Since a DNA vaccine leads to synthesis of foreign proteins (from a virus or bacterium) inside the muscle (usually) cell, the immune system recognizes this event much more correctly. Here is why. A small percentage of every one of the protein molecules produced for every one of the proteins synthesized within a cell are destined to be chewed into small fragments (peptides). These protein fragments ultimately appear on the surface of the cell in association with special proteins known as MHC Class I proteins (major histocompatibility protein class I). You may wish to read, What the Heck is an MHC Molecule?.

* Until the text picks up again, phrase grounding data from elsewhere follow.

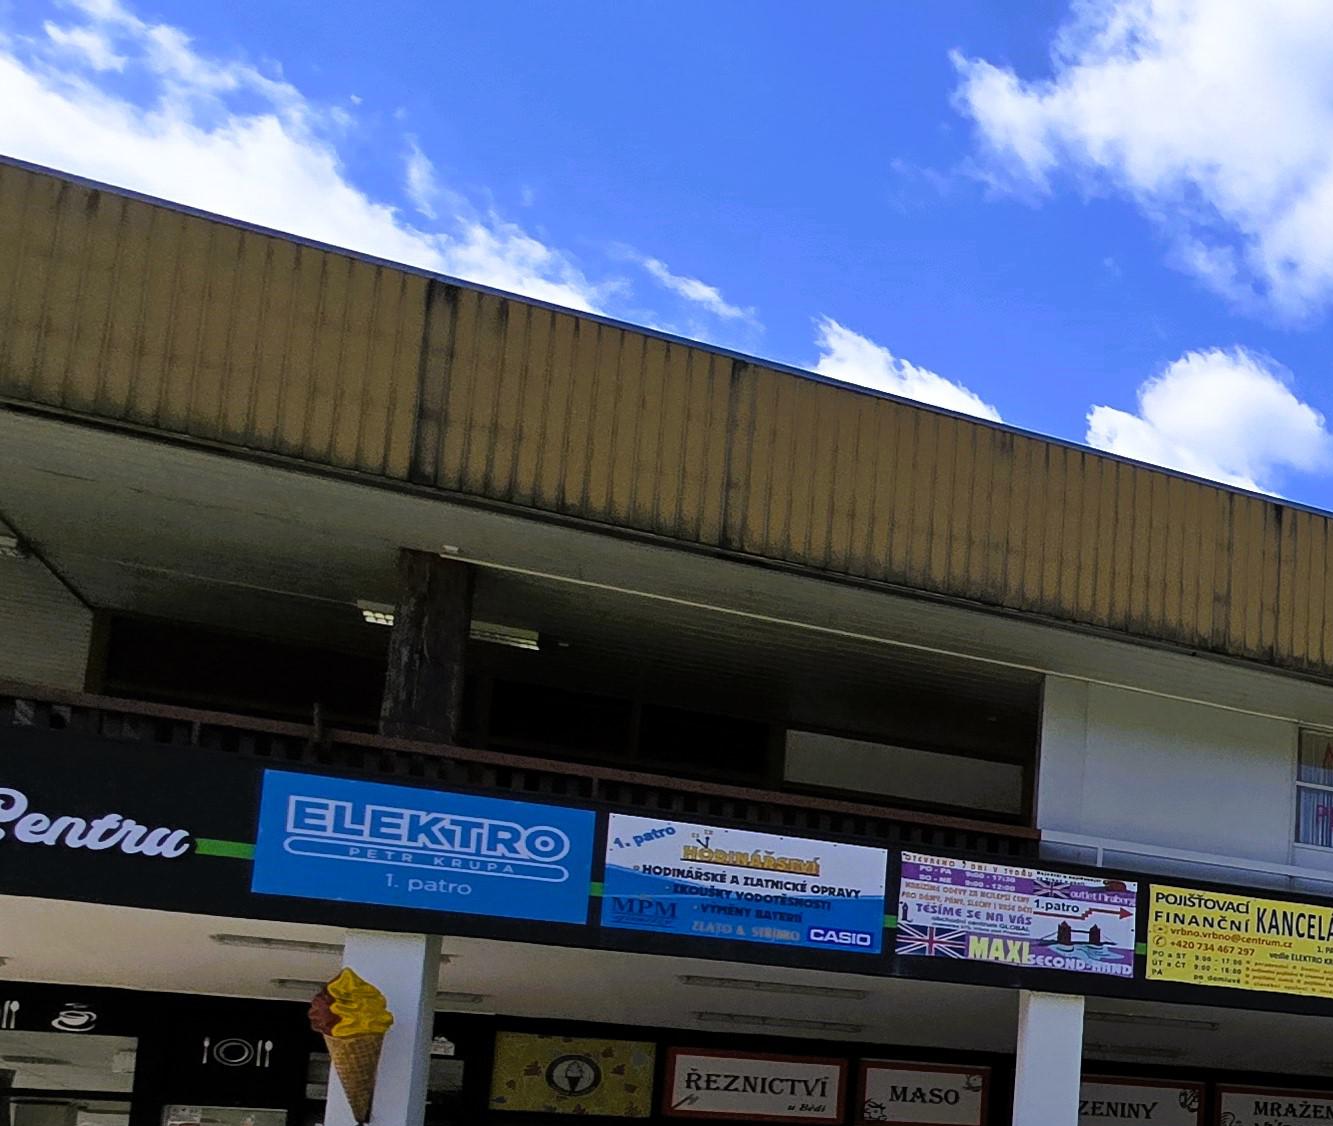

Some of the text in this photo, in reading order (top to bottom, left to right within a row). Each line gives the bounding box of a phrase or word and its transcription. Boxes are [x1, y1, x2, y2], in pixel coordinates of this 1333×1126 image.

[286, 795, 570, 862] ELEKTRO
[612, 837, 631, 849] 1.
[632, 826, 676, 847] patro
[349, 847, 515, 874] PETR KRUPA
[683, 844, 820, 875] HODINÁŘSTVÍ
[384, 872, 472, 896] 1. patro
[642, 864, 861, 899] HODINÁŘSKÉ A ZLATNICKÉ OPRAVY
[611, 896, 678, 918] MPM
[1155, 892, 1250, 914] POJIŠŤOVACÍ
[692, 921, 732, 935] ZLATO
[966, 909, 981, 920] SE
[986, 911, 1003, 922] NA
[1008, 914, 1033, 926] VÁS
[1154, 911, 1250, 933] FINANČNÍ
[809, 928, 871, 946] CASIO
[1170, 927, 1293, 948] vrbno.vrbno@centrum.cz
[1170, 940, 1255, 956] +420 734 467 297
[968, 935, 1030, 964] MAXI
[1291, 954, 1322, 964] ELEKTRO
[1027, 954, 1132, 975] SECOND-HAND
[685, 1067, 830, 1098] ŘEZNICTVÍ
[889, 1085, 960, 1106] MASO
[1078, 1099, 1159, 1120] ZENINY

Our immune system's cells constantly survey the surface of our cells for the presence of foreign protein fragments. Therefore, if a foreign protein is synthesized within one or more of our cells - such as from a virus that has invaded the cell and is making new virus particles - special cells of the immune system known as cytotoxic (killer) T-cells molecularly recognize these foreign shapes and respond to them by killing them. The immune system cannot tell nor does it particularly care if the foreign protein fragments came from a DNA vaccine instead of a true infection of the cell. Other kinds of T cells are also activated that lead to the activation of antibody-producing cells known as B cells. Thus, an infection or a DNA vaccine, lead to a very similar complete activation of the immune system - the generation of killer T cells as well as the generation of soluble, circulating antibodies that react with the foreign material. Therefore, if we are actually infected by a live organisms at a later time, our immune system responds quickly and well - having been previously primed to respond, because of a previous infection or the DNA vaccine.

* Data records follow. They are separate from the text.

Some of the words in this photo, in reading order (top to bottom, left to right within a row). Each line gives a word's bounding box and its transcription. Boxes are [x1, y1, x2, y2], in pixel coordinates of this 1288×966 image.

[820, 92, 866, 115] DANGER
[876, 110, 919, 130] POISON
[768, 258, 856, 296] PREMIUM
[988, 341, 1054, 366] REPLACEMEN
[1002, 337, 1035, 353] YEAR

What might be some potential problems with a DNA vaccine?
Probably th issue of most concern to investigators is the possibility that the injected DNA will actually become a part of (will be integrated) into one of the human chromosomes inside the cell. The effect of such integration of DNA into a chromosome could range from no effect whatsoever or could potentially lead to cancer through alteration of normal DNA. Therefore, many, many efforts are made to examine DNA vaccines for any evidence - even slight - of integration of the injected DNA into the chromosomes of the injected cell.
Do such DNA vaccines presently exist?
Yes - there are such vaccines and some of them are in human clinical trials to be tested for efficacy. Most of DNA vaccines are still at the early investigative stages and have not yet reached the level of knowledge about them to be used in a human clinical trial. If you use a search engine on the internet and use the key words DNA vaccine, or dna vaccine, or dna vaccine clinical trials, etc., you can find up-to-date articles that specifically discuss such vaccines.